Les souris génétiquement modifiées pourraient être de minuscules héros reniflant des mines antipersonnel





Les scientifiques mettent au point une Mighty Mouse réelle qui parcourra les champs en flairant les mines terrestres cachées grâce à des super pouvoirs olfactifs.

Les chercheurs, du Hunter College de la City University de New York, ont génétiquement modifié les animaux pour qu'ils soient 500 fois mieux équipés que leurs homologues normaux pour flairer les explosifs des mines terrestres. Ils espèrent que ces souris héroïques pourraient mettre en garde contre les bombes enterrées.

Les mines terrestres cachées sont une réalité mortelle dans près de 70 pays dans le monde, et la détection et l'élimination sont coûteuses et dangereuses. Actuellement, des détecteurs de métaux, des radars, des magnétomètres et des chiens renifleurs sont utilisés pour les rechercher.



Une organisation belge appelée APOPO utilise déjà rats géants africains en poche comme moyen moins coûteux de détecter les mines terrestres. Les rats ne sont pas génétiquement modifiés, mais leur odorat est suffisamment aiguisé pour détecter le TNT. On apprend aux rats renifleurs de bombes à gratter le sol lorsqu'ils détectent une mine cachée (heureusement, ils sont assez petits pour ne pas déclencher les explosifs). Si les dragueurs de mines à fourrure sont efficaces (avec deux manipulateurs, ils peuvent couvrir un champ en une heure qui prendrait deux jours pleins pour des détecteurs de métaux), ils ont besoin de neuf mois de formation pour devenir fiables, un procédé qui coûte environ 6 000 euros par rat.

Les souris génétiquement modifiées, cependant, sont si sensibles au TNT que la rencontre avec la molécule est susceptible de modifier involontairement leur comportement, de sorte qu'elles n'auraient besoin que de peu ou pas de formation. Charlotte D'Hulst, neurobiologiste moléculaire au Hunter College qui présenté son travail lors d'une réunion de la Society for Neuroscience, a utilisé la modification génétique pour s'assurer que les souris ont 10 000 à 1 000 000 de neurones détecteurs d'odeur avec un récepteur de détection de TNT contre seulement 4 000 chez un animal normal, amplifiant peut-être la limite de détection de cette odeur 500 fois, dit-elle. Chaque neurone de détection d'odeur dans le nez d'une souris est repéré avec un type de récepteur d'odeur. Habituellement, chaque récepteur spécifique se trouve dans un neurone détecteur d'odeur sur mille, mais environ la moitié des neurones détecteurs d'odeur chez les souris de D'Hulst ont le récepteur détecteur de TNT.

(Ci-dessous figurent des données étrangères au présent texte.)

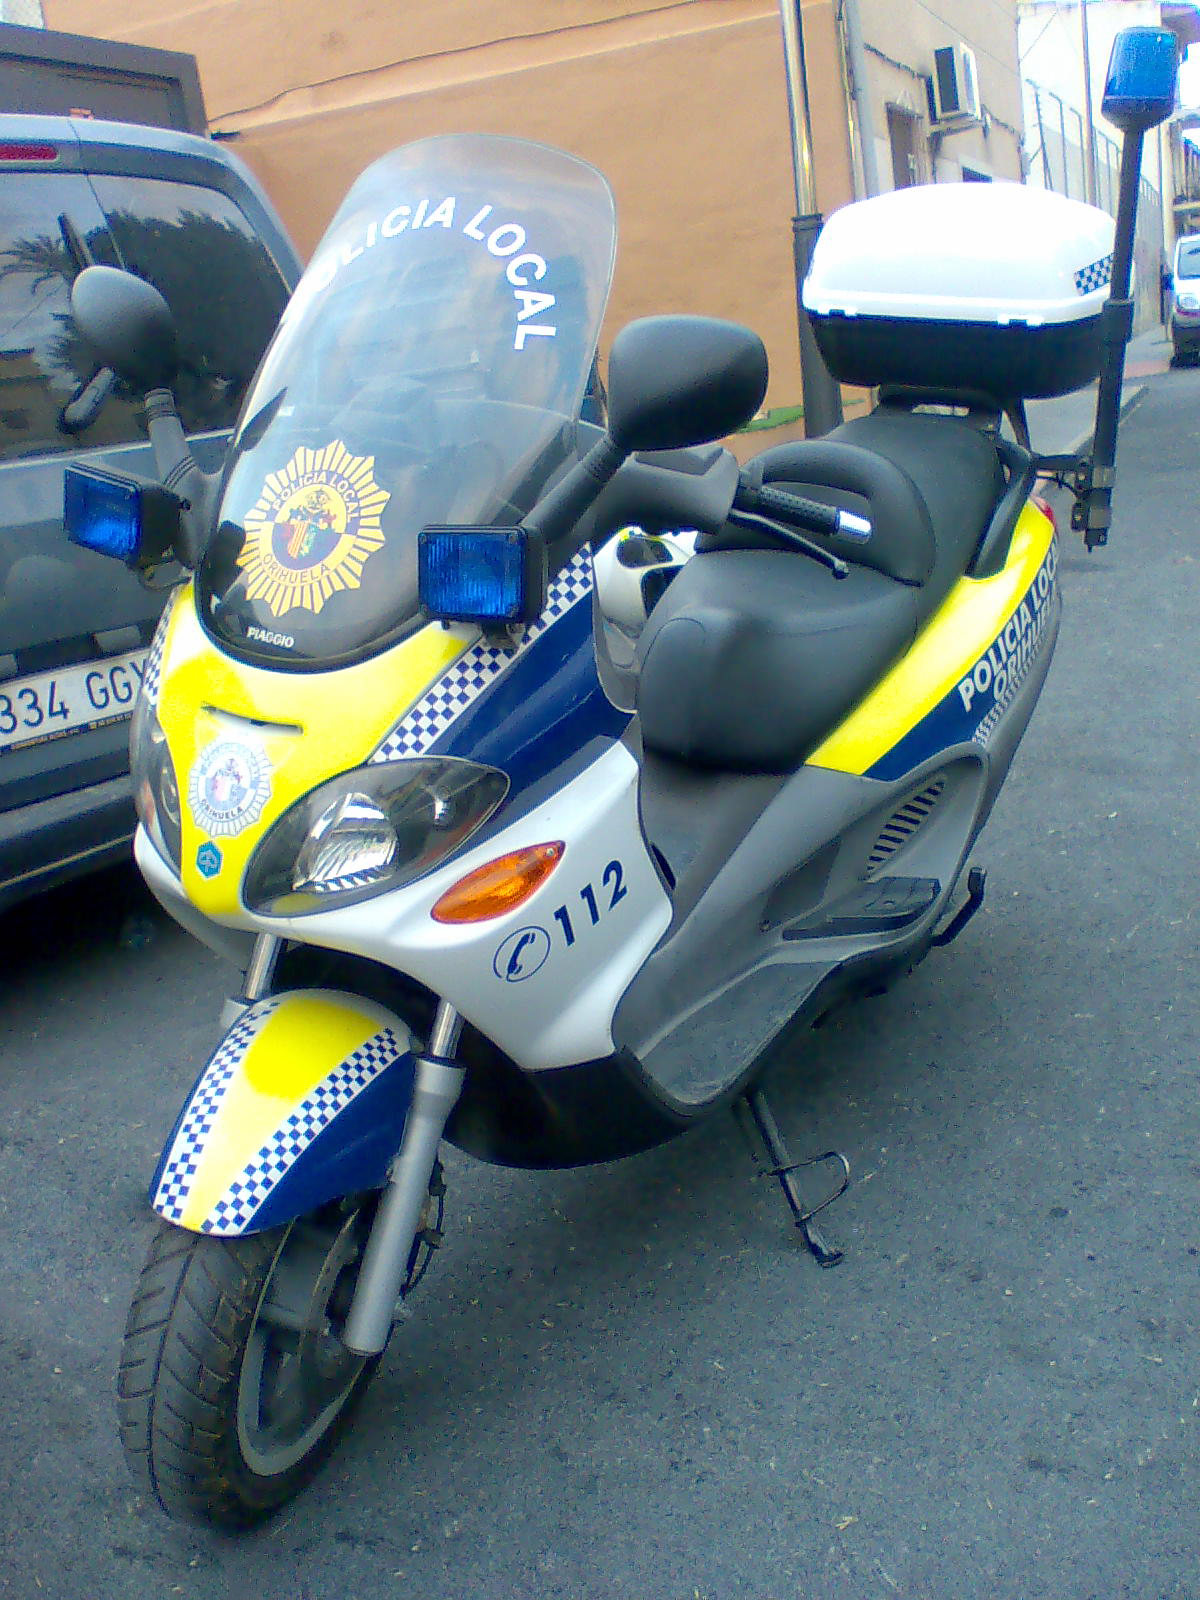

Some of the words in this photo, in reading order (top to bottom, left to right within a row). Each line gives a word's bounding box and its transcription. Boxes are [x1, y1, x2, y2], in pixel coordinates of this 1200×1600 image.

[300, 196, 456, 293] OLICIA
[462, 204, 557, 350] LOCAL
[272, 471, 327, 511] POLICIA
[329, 473, 360, 523] LOCAL
[262, 553, 332, 584] ORIHUELA
[246, 625, 295, 648] PIAGGIO
[958, 600, 1032, 713] POLICIA
[553, 860, 628, 946] 112
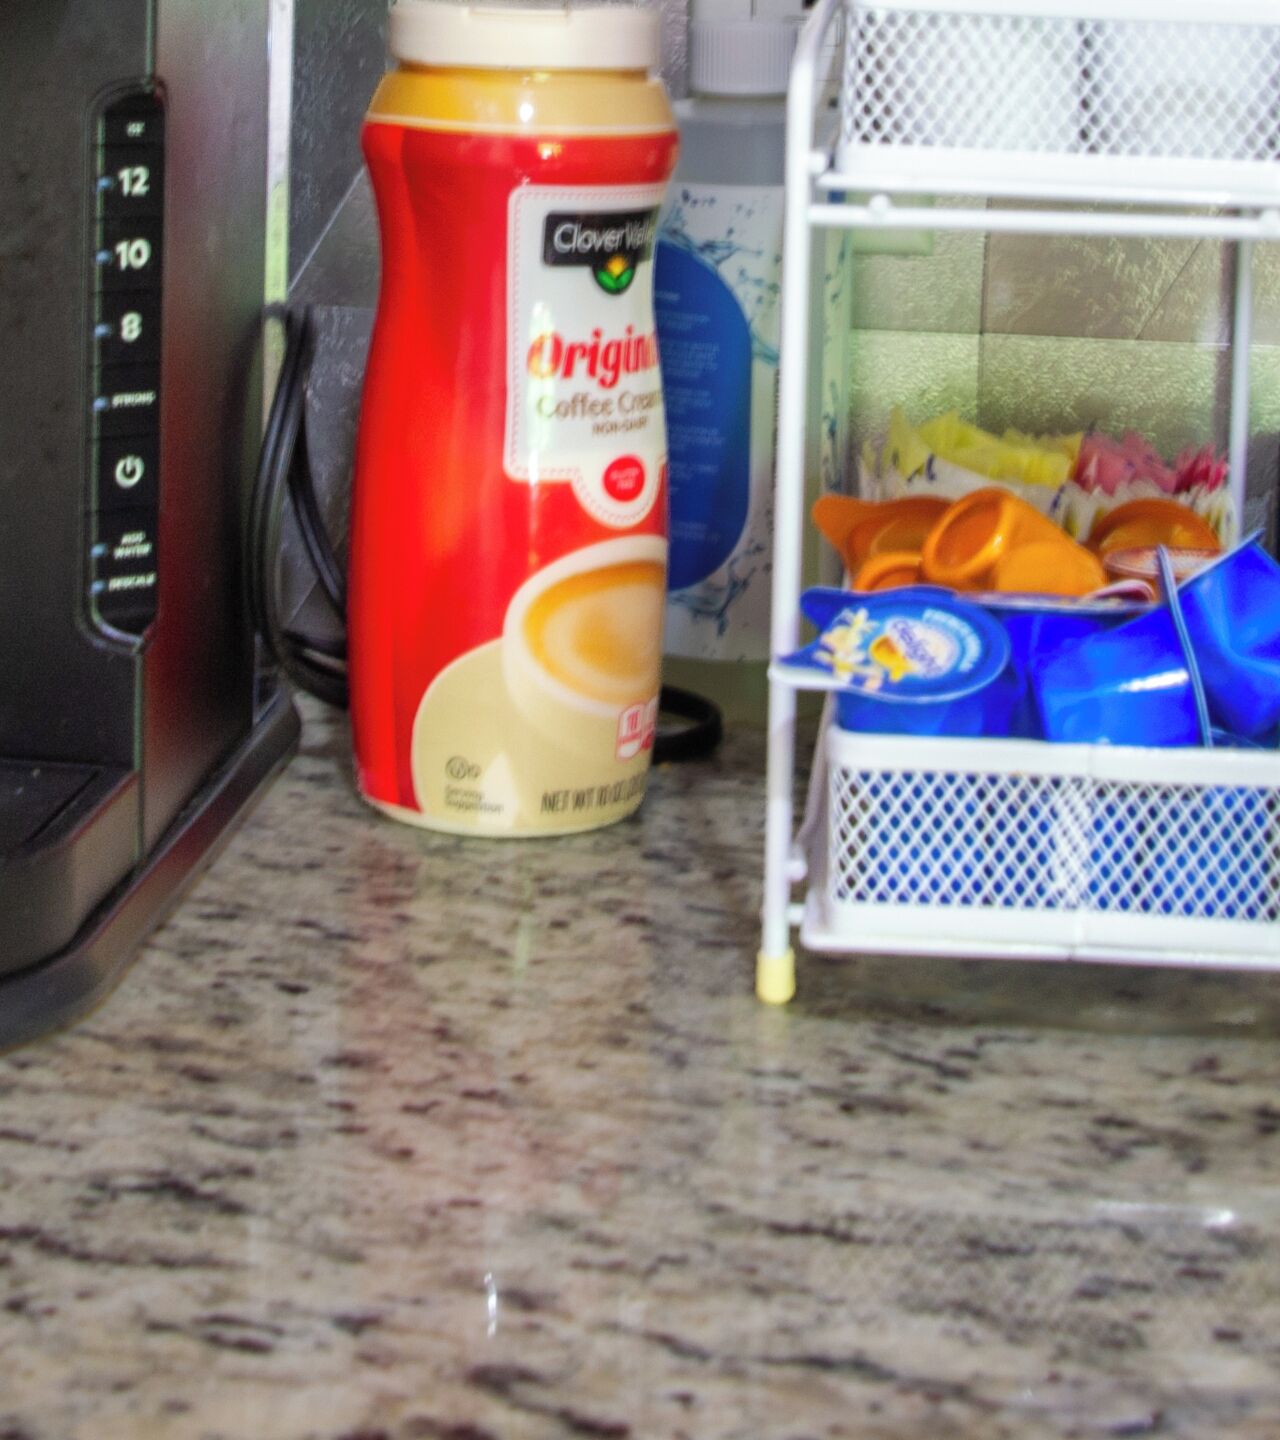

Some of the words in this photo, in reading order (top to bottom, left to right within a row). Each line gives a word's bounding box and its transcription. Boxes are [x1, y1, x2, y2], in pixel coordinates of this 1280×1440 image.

[118, 166, 150, 198] 12
[114, 238, 151, 270] 10
[120, 312, 143, 343] 8
[535, 392, 614, 419] Coffee

Ce récepteur odorant particulier a été identifié à l'origine par Danny Dhanasekaran , biologiste moléculaire au Collège de médecine de l'Université de l'Oklahoma. Dhanasekaran dit qu'une odeur donnée est généralement détectée par une poignée de différents types de récepteurs olfactifs, ce qui aide les nez naturels à discerner plus facilement et avec précision les odeurs. Cependant, en concevant une grande abondance d'un récepteur qui détecte le TNT, D'Hulst et ses collègues pourraient améliorer la sensibilité du système afin qu'il puisse être facilement utilisé dans les opérations de détection des mines terrestres, explique Dhanasekaran, qui continue de rechercher d'autres TNT- récepteurs de type.



D'Hulst espère que ce dévouement écrasant à une seule odeur fournira un moyen facile de savoir si les souris modifiées ont rencontré le TNT. Recherche récente suggère qu'une stimulation soudaine et intense du système olfactif déclenchera des crises, dit-elle. Nous ne pouvons qu'espérer que nos souris montreront un comportement de crise… lors de la détection de mines terrestres. Nous n'aurons pas à travailler avec des récompenses alimentaires ; nous utiliserons probablement un système de signalisation radio. Un implant de puce peut suivre, signaler et enregistrer leurs comportements. Les chercheurs doivent encore tester les souris dans des études comportementales.

Roger Hess, directeur des opérations sur le terrain pour Fondation humanitaire Golden West , un organisme de bienfaisance qui développe des technologies pour aider à l'élimination des mines terrestres, affirme que même si cette méthode de détection de mines pourrait être prometteuse, elle dépendrait toujours de la détection de traces de vapeurs de la mine. La libération de l'odeur du sol peut dépendre des conditions du sol et de l'eau, et la trace d'un explosif pourrait se trouver à plusieurs mètres de l'endroit où la mine est réellement enterrée, dit-il. La technique ne fonctionnera pas non plus pour les mines qui n'ont pas de trous pour que l'odeur des explosifs s'échappe.

En raison du risque de manquer un élément, une méthode secondaire devrait être utilisée, dit-il.